Le permanent rappelle qu’il a alerté les différents services de contrôle, mais qu’aucune suite n’y a été donnée. Jonathan Martin, le président provincial et vice-président exécutif de DéFI, demande, pour sa part, que le Godefroid soit retiré à l’entreprise. "Lorsqu’on se voit décerner un Godefroid, on devient en quelque sorte un ambassadeur du Luxembourg, souligne-t-il. On ne peut accepter que l’image de la province soit écornée par un tel scandale et que cela reste sans suite. Le comité organisateur doit envoyer un signal fort."

Le Libramontois souhaite, par ailleurs, qu’une dimension éthique soit intégrée au concours et que les organisateurs mettent dorénavant l’accent sur des petites structures et évitent les grands groupes dont la politique est décidée en dehors des limites territoriales.
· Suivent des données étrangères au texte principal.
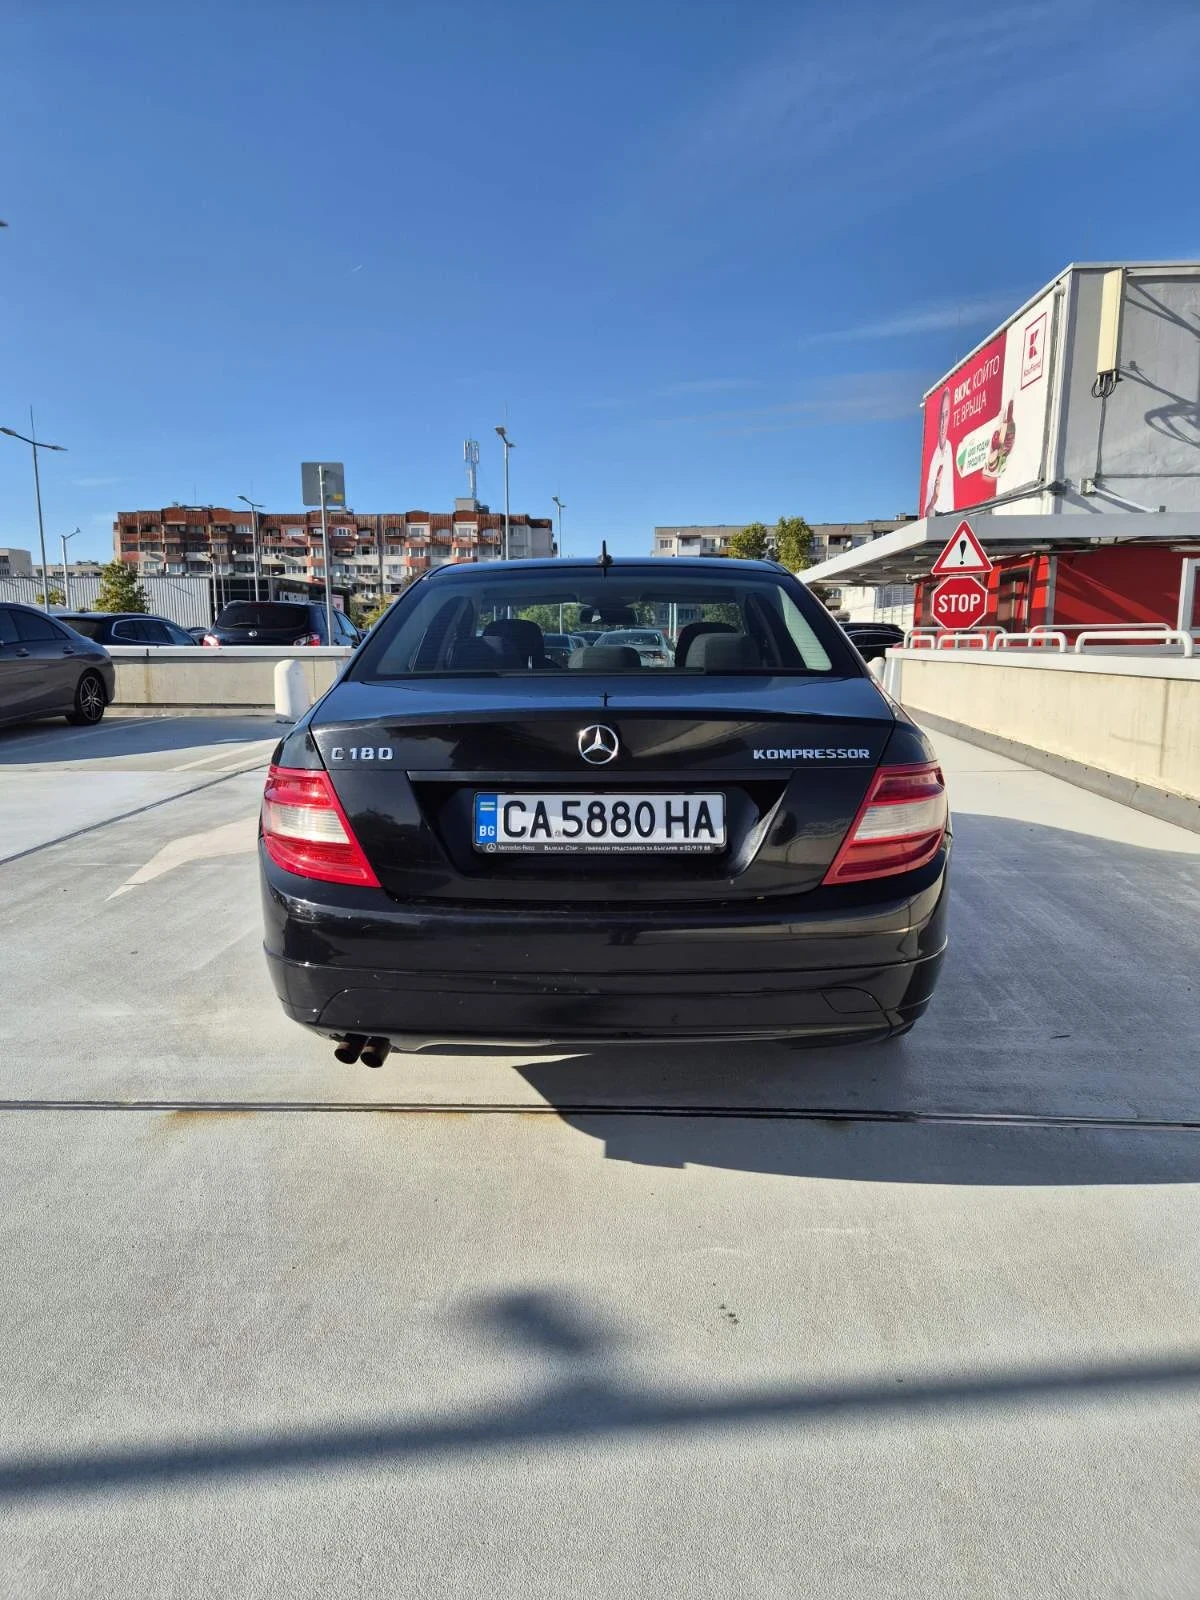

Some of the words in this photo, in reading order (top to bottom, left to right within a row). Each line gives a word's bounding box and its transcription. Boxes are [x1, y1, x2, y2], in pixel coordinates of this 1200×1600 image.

[954, 377, 971, 405] ВКУС
[973, 354, 1000, 390] КОЙТО
[953, 408, 961, 428] ТЕ
[961, 390, 987, 423] ВРЪЩА
[938, 594, 980, 613] STOP
[331, 747, 345, 760] C
[349, 747, 393, 760] 180
[753, 748, 871, 760] KOMPRESSOR
[561, 800, 656, 839] 5880
[479, 825, 496, 837] BG
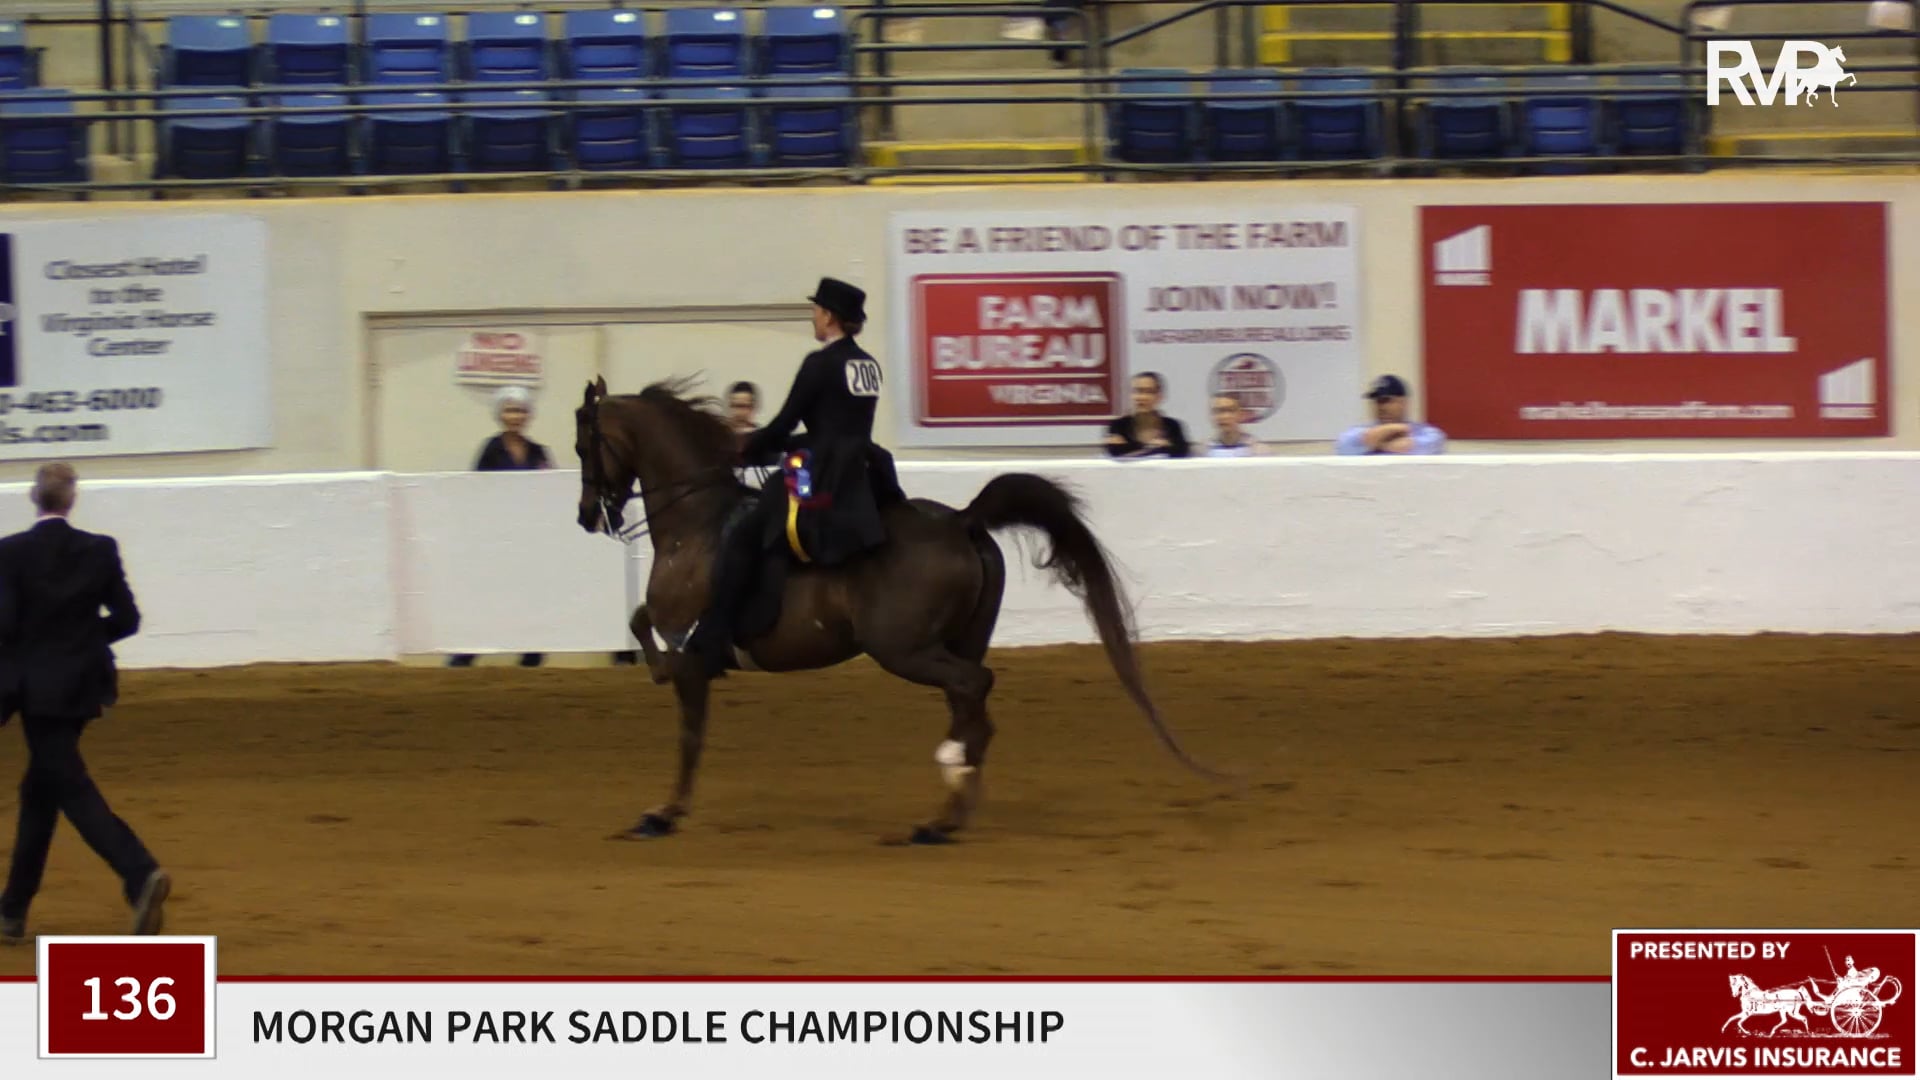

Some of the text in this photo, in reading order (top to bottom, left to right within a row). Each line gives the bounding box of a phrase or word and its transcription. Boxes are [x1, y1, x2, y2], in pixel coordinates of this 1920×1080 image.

[904, 221, 1346, 254] BE A FRIEND OF THE FARM
[119, 283, 164, 303] the
[1145, 282, 1337, 312] JOIN NOW!
[978, 295, 1102, 330] FARM
[1516, 288, 1797, 353] MARKEL
[87, 337, 173, 356] Center
[932, 334, 1105, 369] BUREAU
[848, 362, 879, 392] 208
Elie Deblire, président de l’intercommunale IDELux, co-organisatrice des Godefroid, souligne pour sa part qu’il ne faut pas exclure des décisions symboliques, mais que l’urgence n’est pas là aujourd’hui. "Travaillons ensemble à aider nos éleveurs, à faire tourner l’outil à Bastogne, au plus vite, et à 100 % de ses capacités dans le respect des normes et des conditions sanitaires strictes. Il appartient à la justice de faire la clarté sur tout le reste", conclut-il.

N.L.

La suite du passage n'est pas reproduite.